Uncoupling immune signaling and HR-induced stromules

Stromules have been proposed to transmit retrograde signals to the nucleus, and to amplify programmed cell death responses as part of ETI (Caplan et al., 2015). More recently, it was suggested that stromules have the added function of locating and pulling plastid bodies to the nucleus (Kumar et al., 2018). So far, all reported microbial effectors that induce stromules also provoked programmed cell death (Caplan et al., 2015; Erickson et al., 2018).
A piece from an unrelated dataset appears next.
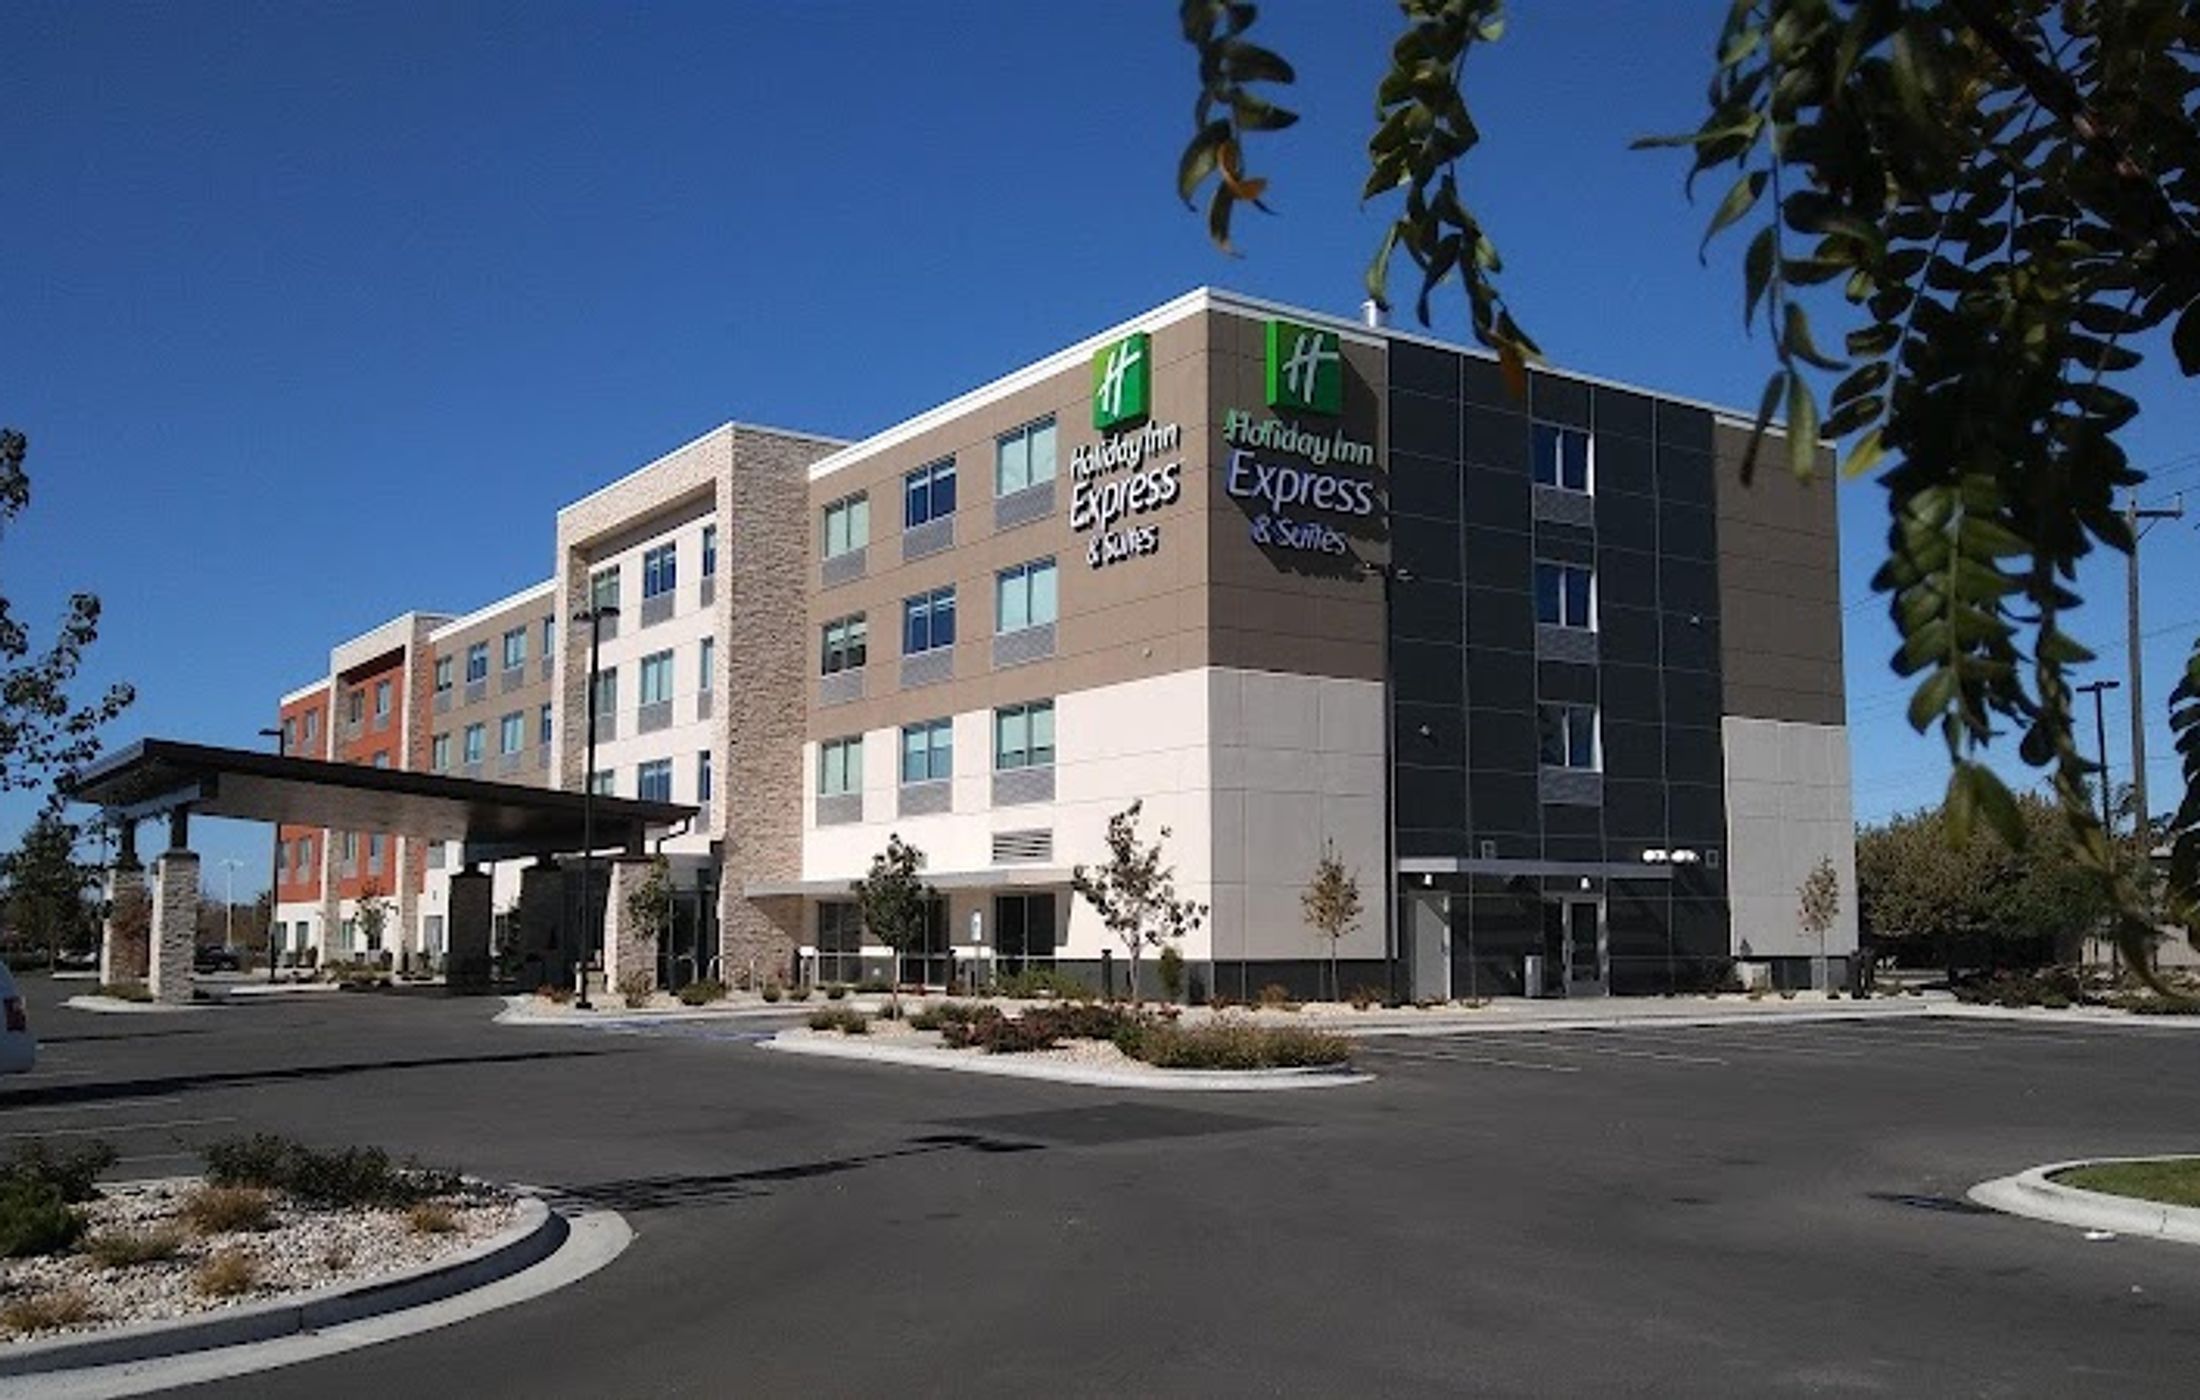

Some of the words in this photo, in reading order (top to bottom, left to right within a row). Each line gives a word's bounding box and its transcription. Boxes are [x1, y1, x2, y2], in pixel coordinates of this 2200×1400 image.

Therefore, it remained unclear whether stromule formation accompanies the cascade of events contributing to host cell death or is a by-product of physiological changes in cells as they die. The observed stromule induction upon XopQ expression in nrg1 mutant plants without cell death or measurable resistance (Qi et al., 2018) (Figure 5A) suggests stromules represent events upstream of ETI-related pathogen resistance and host cell death. This is supported by clear stromule induction and simultaneous lack of cell death in response to pNRG1::NRG1 expression in wild-type plants expressing FNR:eGFP (see Supplemental Figure S9, A–H). Hence, ETI-induced stromule formation is not coupled to cellular destruction but is more likely an integral part of the ETI response, as suggested previously (Caplan et al., 2015).

ADR1 contributes to TNL immunity and stromule formation in N. benthamiana

Dicot genomes encoding TNL receptors generally also encode RNL-type NLRs of the ADR1 and NRG1 classes (Collier et al., 2011; Lapin et al., 2020). In A. thaliana, both classes of RNLs contribute to immunity to different extents. Three A. thaliana ADR1 putative paralogs have functions in basal immunity to virulent pathogens related to salicylic acid, and they also contribute to PTI (Bonardi et al., 2011; Jubic et al., 2019; Pruitt et al., 2021; Tian et al., 2021). ADR1s and NRG1s function in A. thaliana as distinct modules, respectively, with EDS1–PAD4 and EDS1–SAG101 dimers regulating pathogen resistance and cell death (Lapin et al., 2019; Lapin et al., 2020; Saile et al., 2020; Sun et al., 2021). In N. benthamiana, only EDS1-SAG101 appears to execute TNL ETI, and NRG1 was identified as a major RNL required for cell death and resistance mediated by several tested TNLs (Qi et al., 2018; Gantner et al., 2019). A role for N. benthamiana ADR1 in immunity was so far not detected, although Qi et al. (2018) reported residual transcriptional reprogramming occurring upon ROQ1 activation in nrg1, but not eds1 mutant plants. Notably, ADR1 was among the upregulated genes of an NRG1-independent regulon (Qi et al, 2018). Residual stromule formation in nrg1, but not eds1 or nrg1_adr1 (compare panel “(A)” in Supplemental Figures S4, S5, and S6), supports an ADR1 contribution to TNL-ETI in N. benthamiana. Hence, stromule formation appears to be a highly sensitive read-out for ETI induction, occurring in the absence of cell death or measurable pathogen resistance which are blocked in N. benthamiana nrg1 and eds1 mutants (Qi et al., 2018). Current evidence suggests that RNLs, similar to the CNL ZAR1, can assemble into pore-forming resistosome complexes and function as Ca2+ permeable cation channels (Wang et al., 2019a; Jacob et al., 2021; Bi et al., 2021). Induced Ca2+ influx into host cells would then amplify ROS generation and salicylic acid signaling as well as transcriptional reprogramming (Lu and Tsuda, 2021; Yuan et al., 2021). In future work, it will be interesting to examine whether Ca2+ levels inside cells influence stromule formation, as stromule-to-nucleus connections were found to contribute to ROS formation (Caplan et al., 2015).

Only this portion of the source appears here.